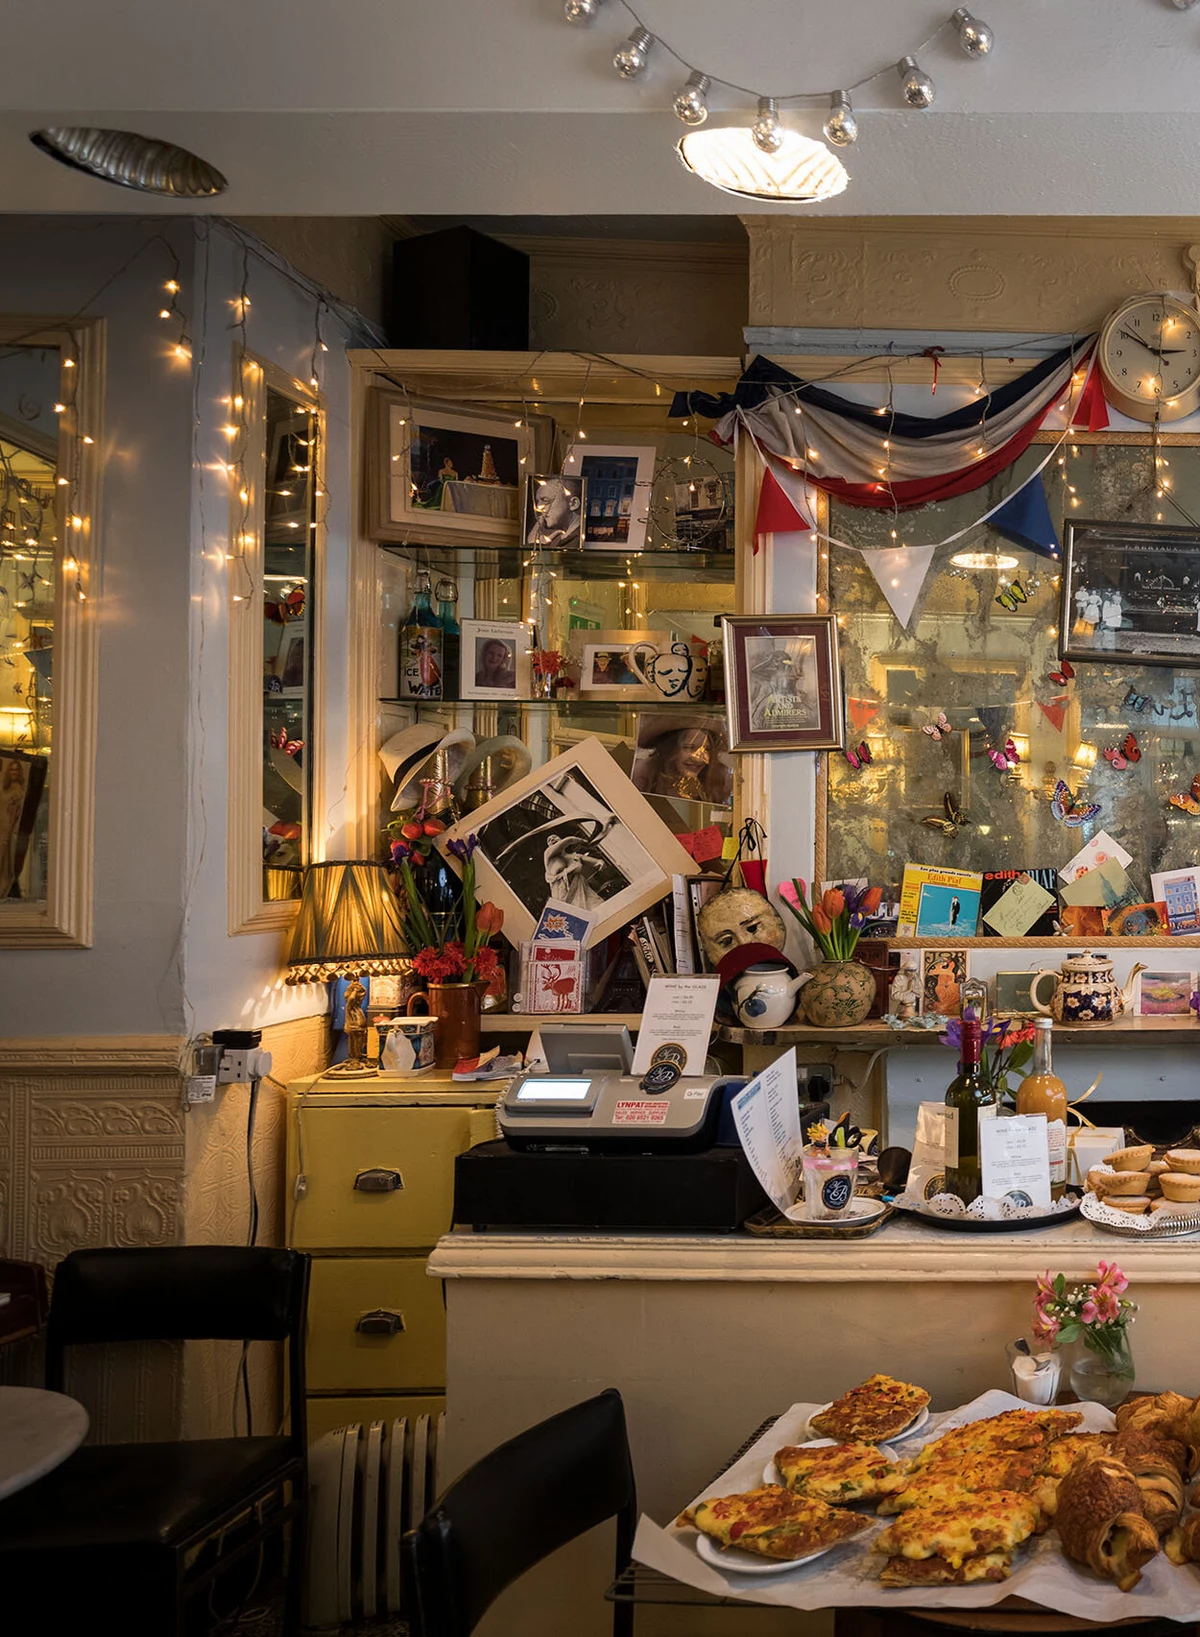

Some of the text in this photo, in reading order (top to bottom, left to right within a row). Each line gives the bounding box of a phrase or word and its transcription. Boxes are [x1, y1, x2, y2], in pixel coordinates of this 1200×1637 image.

[1152, 314, 1160, 322] 12
[1134, 319, 1140, 327] 11
[1120, 332, 1129, 340] 10
[403, 668, 419, 677] ICE
[763, 708, 807, 717] ADMIRERS
[985, 868, 1056, 889] edith PIAF
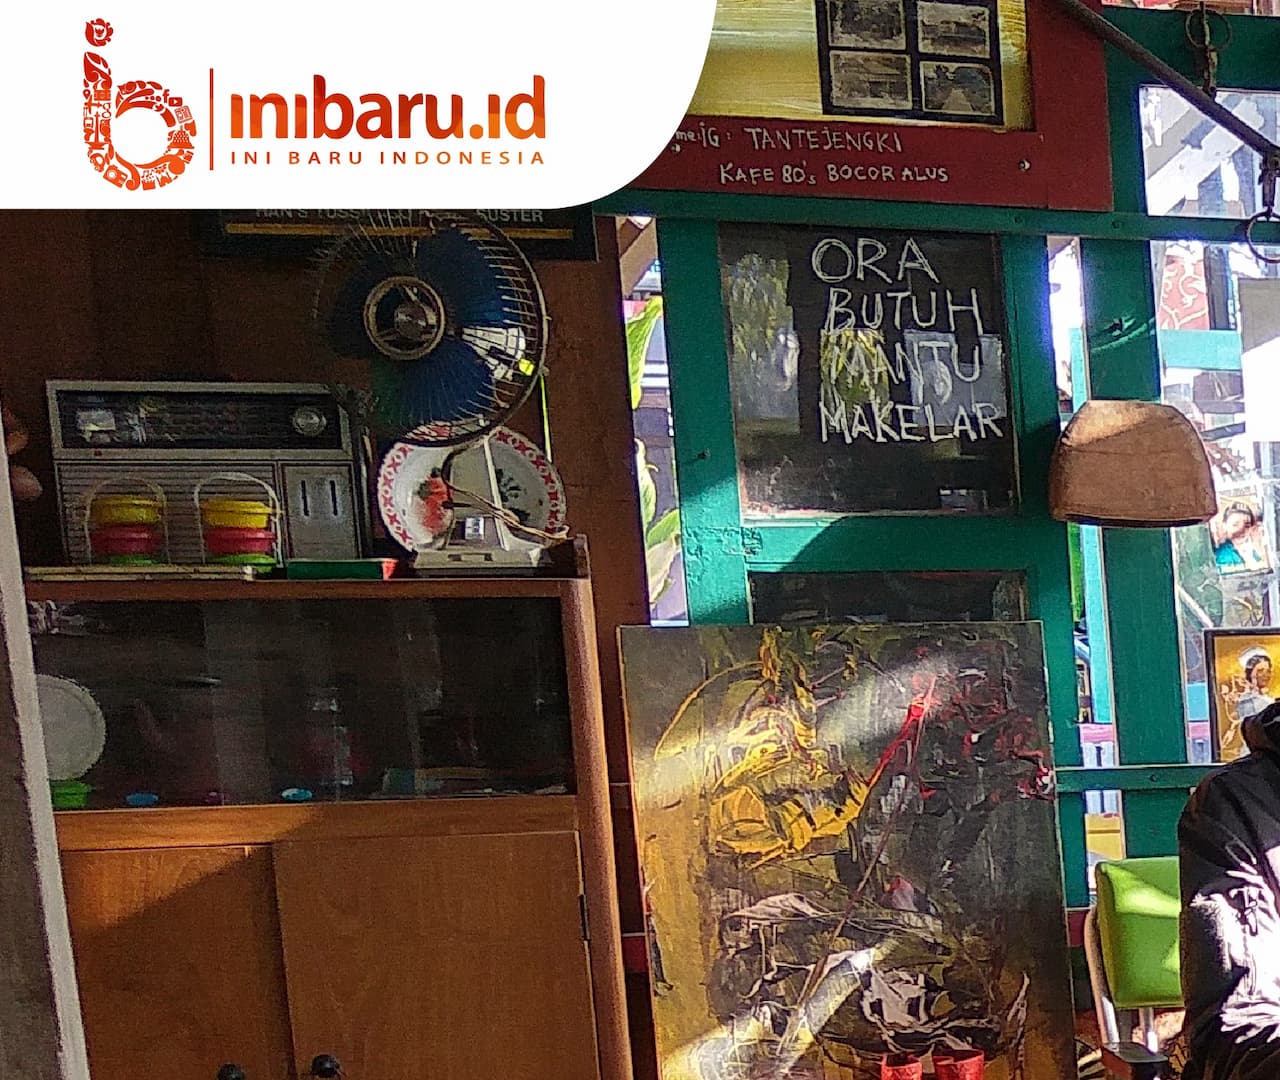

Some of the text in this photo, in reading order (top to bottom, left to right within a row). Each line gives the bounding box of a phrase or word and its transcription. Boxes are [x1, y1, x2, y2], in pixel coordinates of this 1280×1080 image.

[719, 163, 774, 185] KAFE
[827, 163, 896, 183] BOCOR
[901, 166, 949, 183] ALUS
[811, 236, 941, 284] ORA
[822, 286, 985, 336] BUTUH
[818, 398, 1004, 444] MAKELAR
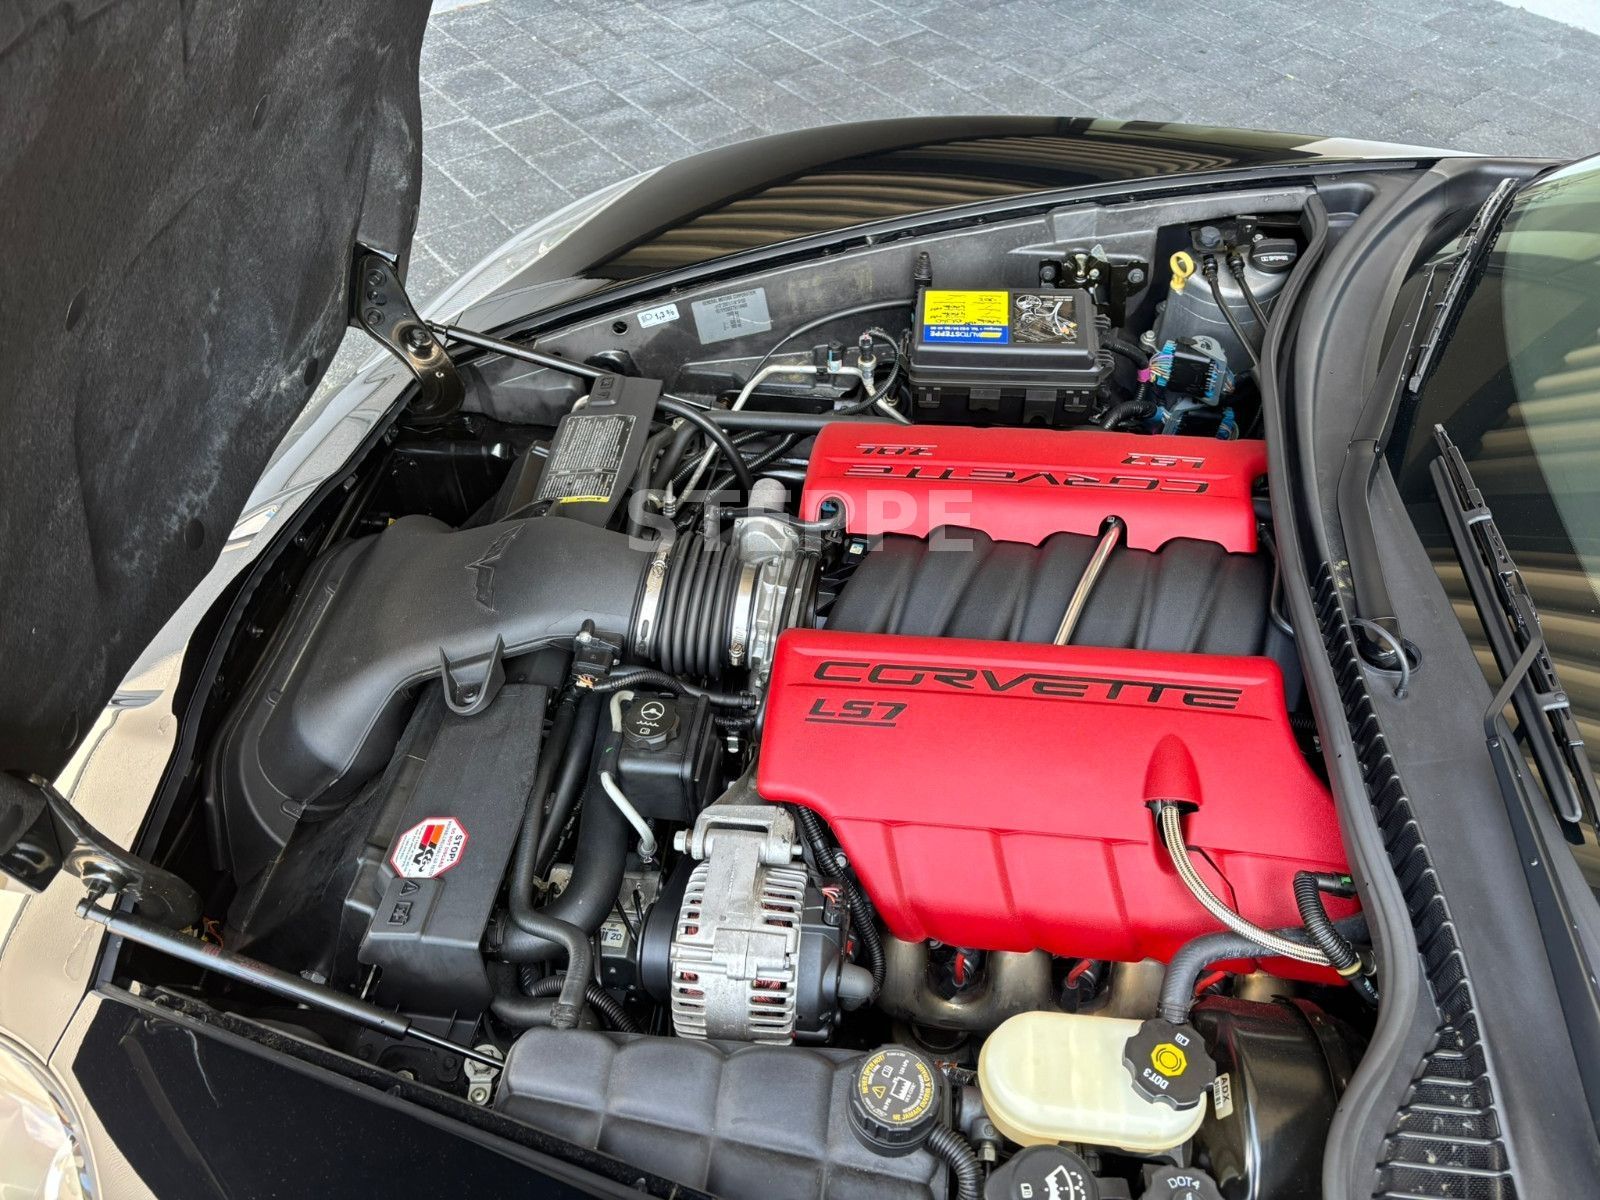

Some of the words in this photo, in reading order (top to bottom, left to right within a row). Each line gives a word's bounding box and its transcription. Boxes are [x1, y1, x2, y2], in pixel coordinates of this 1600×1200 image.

[843, 464, 1211, 495] CORVETTE
[812, 660, 1243, 710] CORVETTE
[807, 698, 908, 721] LS7
[447, 834, 463, 862] STOP!
[1221, 1077, 1230, 1103] ADX
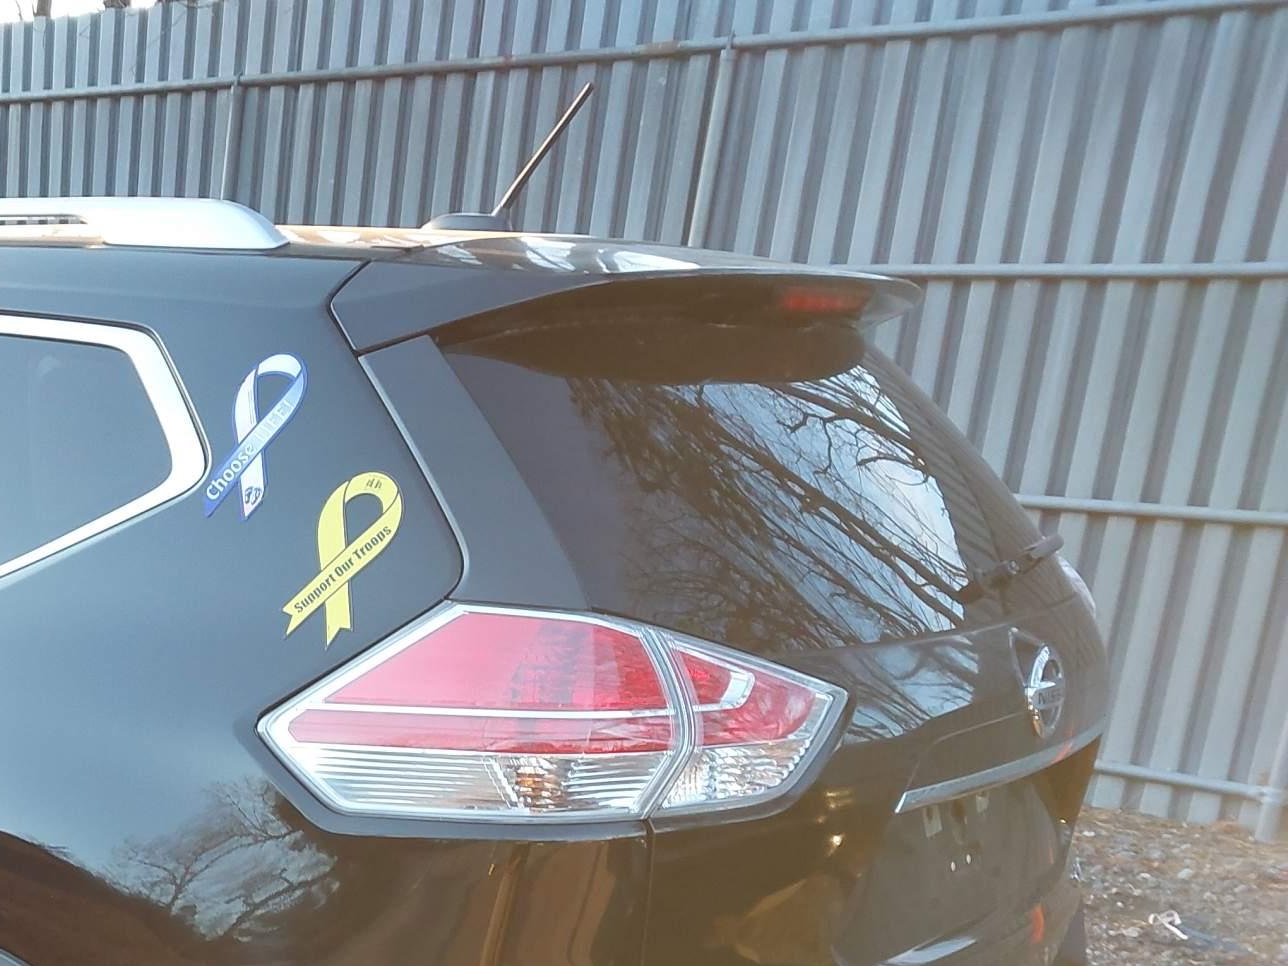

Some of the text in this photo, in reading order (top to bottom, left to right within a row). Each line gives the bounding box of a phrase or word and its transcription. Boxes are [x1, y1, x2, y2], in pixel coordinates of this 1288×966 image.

[206, 444, 255, 500] Choose
[294, 526, 392, 613] Support Our Troops
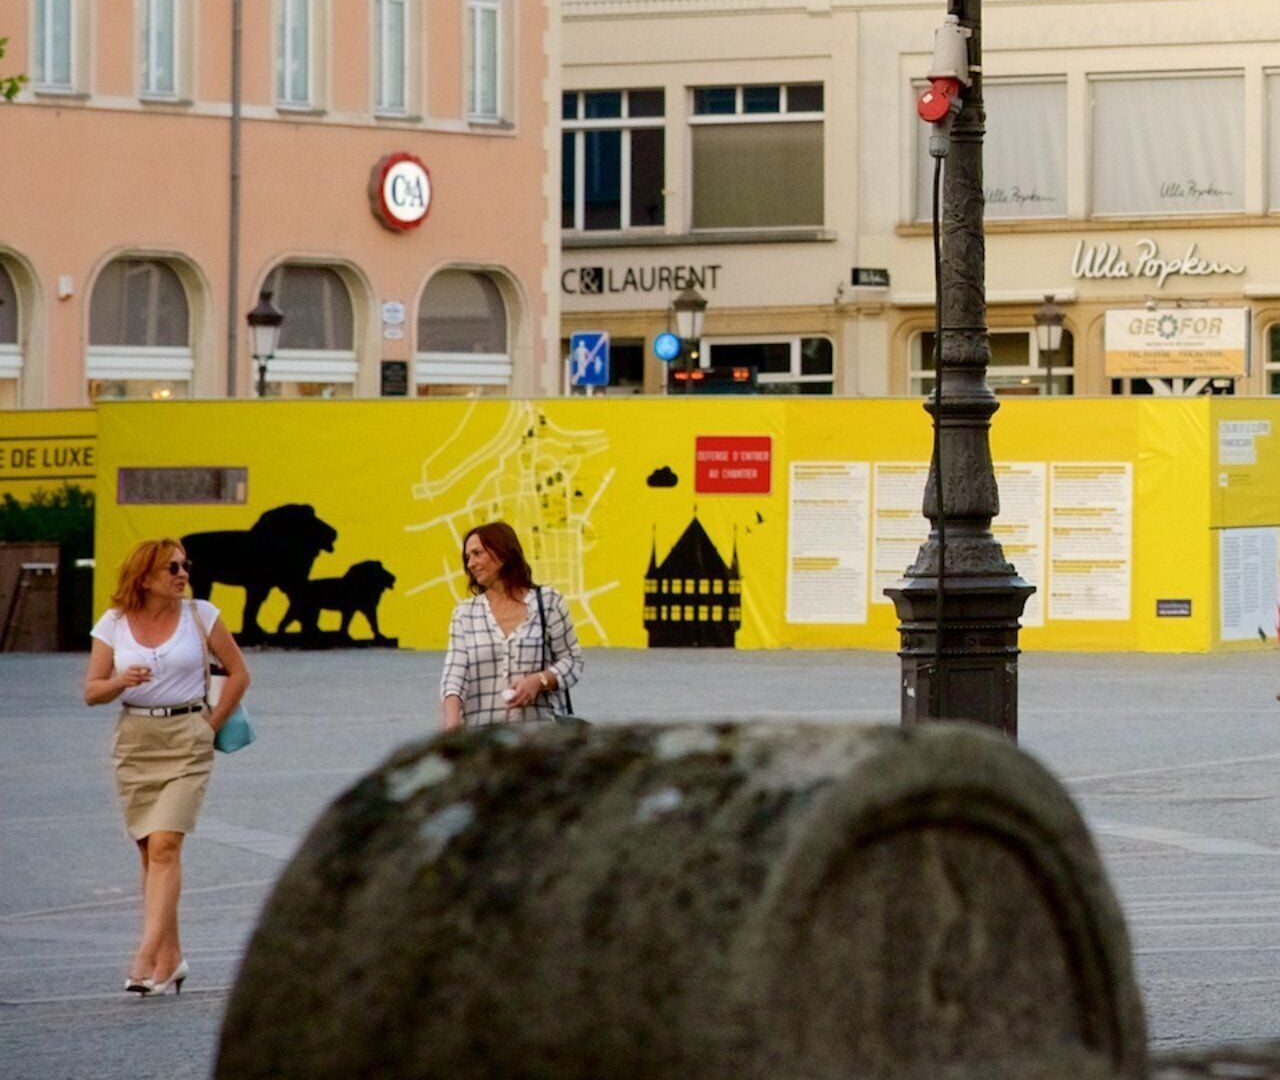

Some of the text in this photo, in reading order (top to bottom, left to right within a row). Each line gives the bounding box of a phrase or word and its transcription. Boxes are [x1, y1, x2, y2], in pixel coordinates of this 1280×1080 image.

| Work instruction |
The material is to be reproduced verbatim, and no picture may appear in the copy.

| Output below |
Some of the text in this photo, in reading order (top to bottom, left to right within a row). Each line gives the bounding box of a phrase or word and its transcription. Boxes are [x1, y1, x2, y2], in pixel coordinates of this 1200×1637 image.

[1152, 314, 1160, 322] 12
[1134, 319, 1140, 327] 11
[1120, 332, 1129, 340] 10
[403, 668, 419, 677] ICE
[763, 708, 807, 717] ADMIRERS
[985, 868, 1056, 889] edith PIAF

Some of the text in this photo, in reading order (top to bottom, left to right within a row). Each line gives the bounding box of a phrase or word and its transcription. Boxes are [x1, y1, x2, y2], in pixel coordinates of this 1280×1080 image.

[719, 163, 774, 185] KAFE
[827, 163, 896, 183] BOCOR
[901, 166, 949, 183] ALUS
[811, 236, 941, 284] ORA
[822, 286, 985, 336] BUTUH
[818, 398, 1004, 444] MAKELAR

Some of the words in this photo, in reading order (top to bottom, left to right within a row). Each line gives a word's bounding box and its transcription. Boxes are [x1, y1, x2, y2], in pixel coordinates of this 1600×1200 image.

[843, 464, 1211, 495] CORVETTE
[812, 660, 1243, 710] CORVETTE
[807, 698, 908, 721] LS7
[447, 834, 463, 862] STOP!
[1221, 1077, 1230, 1103] ADX

Some of the text in this photo, in reading order (top to bottom, left to right within a row). Each line gives the bounding box of a phrase or word and its transcription. Boxes are [x1, y1, x2, y2], in pixel coordinates of this 1288×966 image.

[206, 444, 255, 500] Choose
[294, 526, 392, 613] Support Our Troops

Some of the text in this photo, in reading order (top to bottom, left to right within a row). Each line gives the bounding box of a phrase or word and its transcription. Boxes are [x1, y1, x2, y2], in pixel coordinates of this 1280×1080 image.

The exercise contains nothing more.